Definitely some of the most powerful extreme music you’ll hear this year.
In recent years, the pervasive trend within the USBM (United States black metal if you're not up on your sub-sub-genre acronyms) scene is to take black metal and throw it together with drone and doom influences. Against a backdrop of this slow, meditative black metal, Silencing Machine stands out like a game changer – ten tracks of bleak, unrelenting, extreme music of the highest calibre. Instead of drawing on a host of slower influences, Chicago's Nachtmystium have sped things up, reduced the production value and turned to the work of gritty post-punk outfits like Killing Joke and Throbbing Gristle for inspiration.
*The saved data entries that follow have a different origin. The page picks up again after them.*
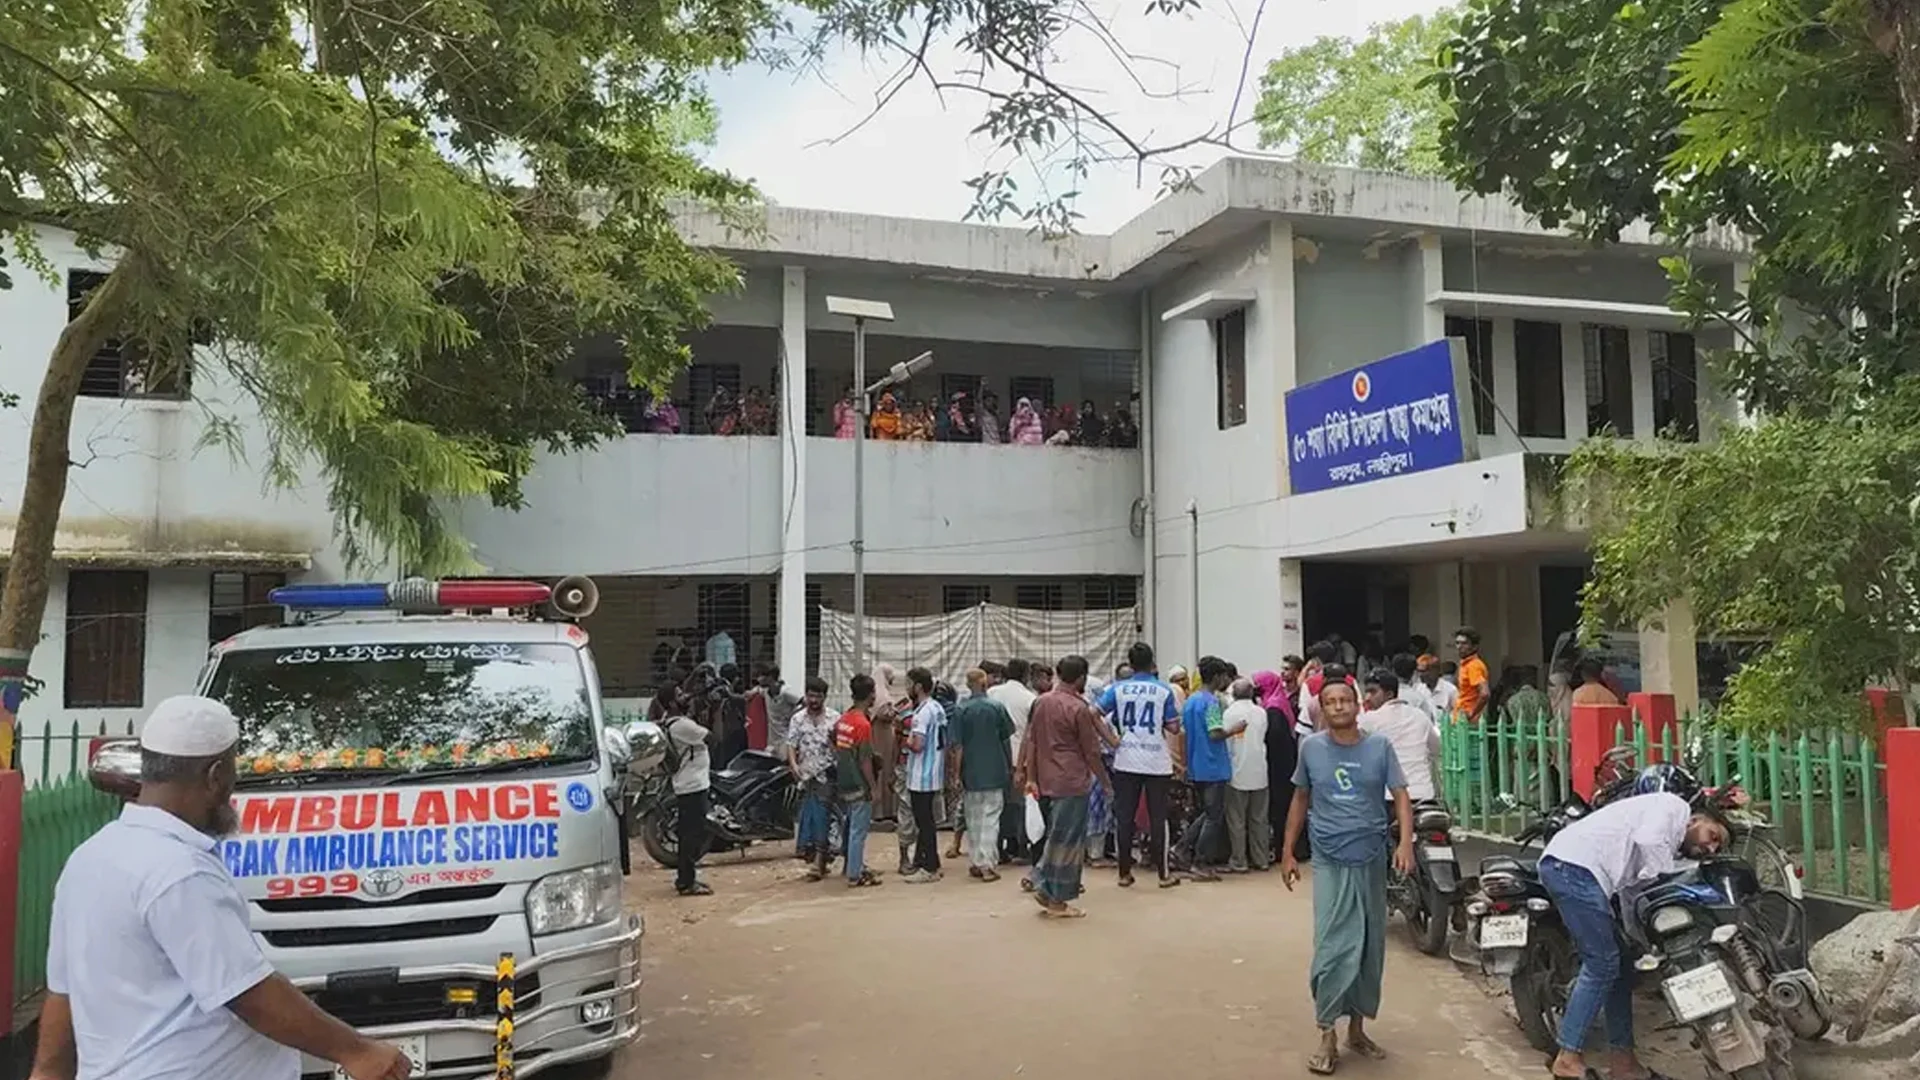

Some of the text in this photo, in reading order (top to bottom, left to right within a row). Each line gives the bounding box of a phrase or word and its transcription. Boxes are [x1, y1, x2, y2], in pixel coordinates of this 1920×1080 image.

[1349, 408, 1388, 447] উপজেলা
[1123, 701, 1156, 735] 44
[230, 783, 561, 834] MBULANCE
[217, 822, 559, 878] RAK AMBULANCE SERVICE
[266, 873, 358, 899] 999
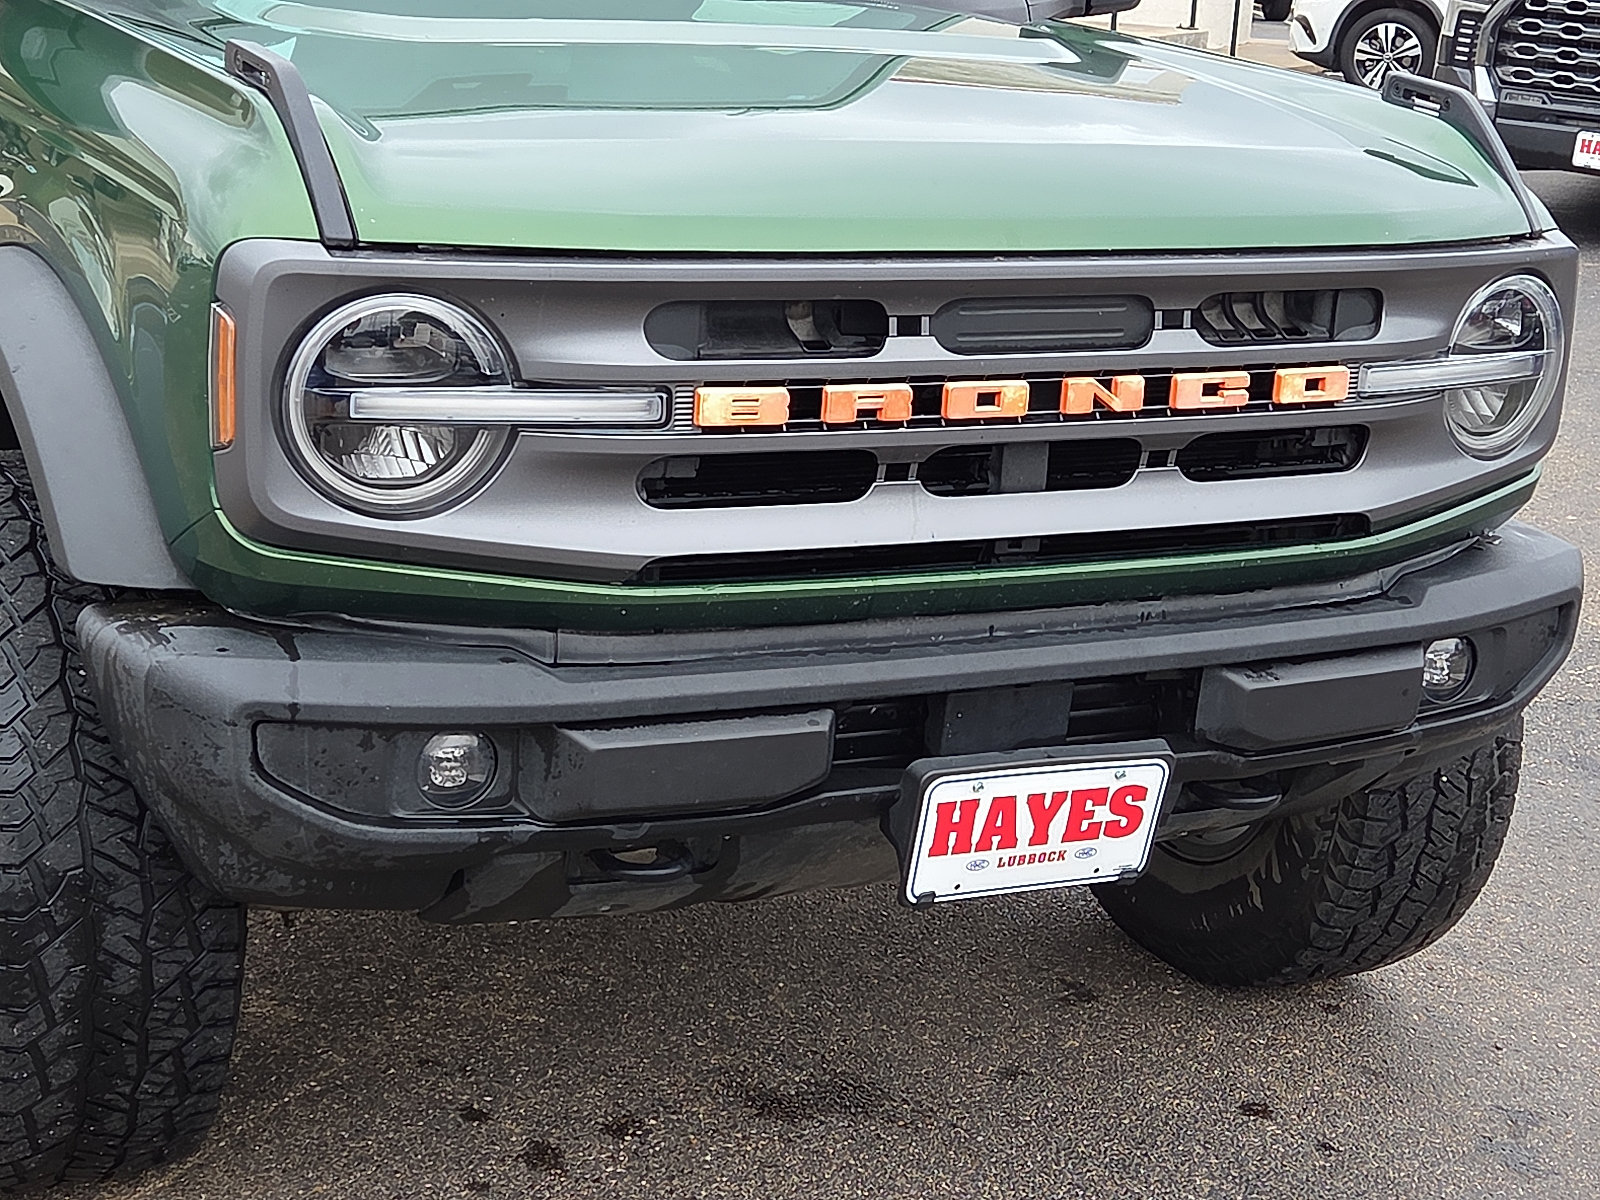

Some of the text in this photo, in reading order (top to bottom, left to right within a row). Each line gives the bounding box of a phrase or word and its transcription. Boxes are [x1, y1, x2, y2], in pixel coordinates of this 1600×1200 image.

[693, 365, 1351, 430] BRONCO
[928, 784, 1149, 858] HAYES
[997, 849, 1067, 868] LUBBOCK
Though they might seem worlds apart, black metal and post-punk are two genres with more similarities than differences. Both are bleak in sound, dystopic in outlook and unflinchingly caustic. In fact, the two genres fit together real nice on Silencing Machine. Spaghetti. Meatballs. Gin. Juice. There's a natural congruency at play in the charred buzz of Sanford Parker's synths and the tremolo-picked riff terror of Blake Judd and Drew Markuszewski, just as frontman Judd's tortured howls find their counter-point against Charlie Fell's inventive drum tracks.
Following the rampant experimentalism that defined their last two full-length efforts, Silencing Machine is bolstered by Nachtmystium's decision to stay within the confines of this black metal/post-punk aesthetic for its entirety. The singularity of vision makes the record harrowingly monotonous, recalling some of the Norwegian BM staples in ethos rather than sound. When Nachtmystium hit album standouts like The Lepers Of Destitution, Borrowed Hope And Broken Dreams and I Wait In Hell, they create something artless and raw; definitely some of the most powerful extreme music you'll hear this year.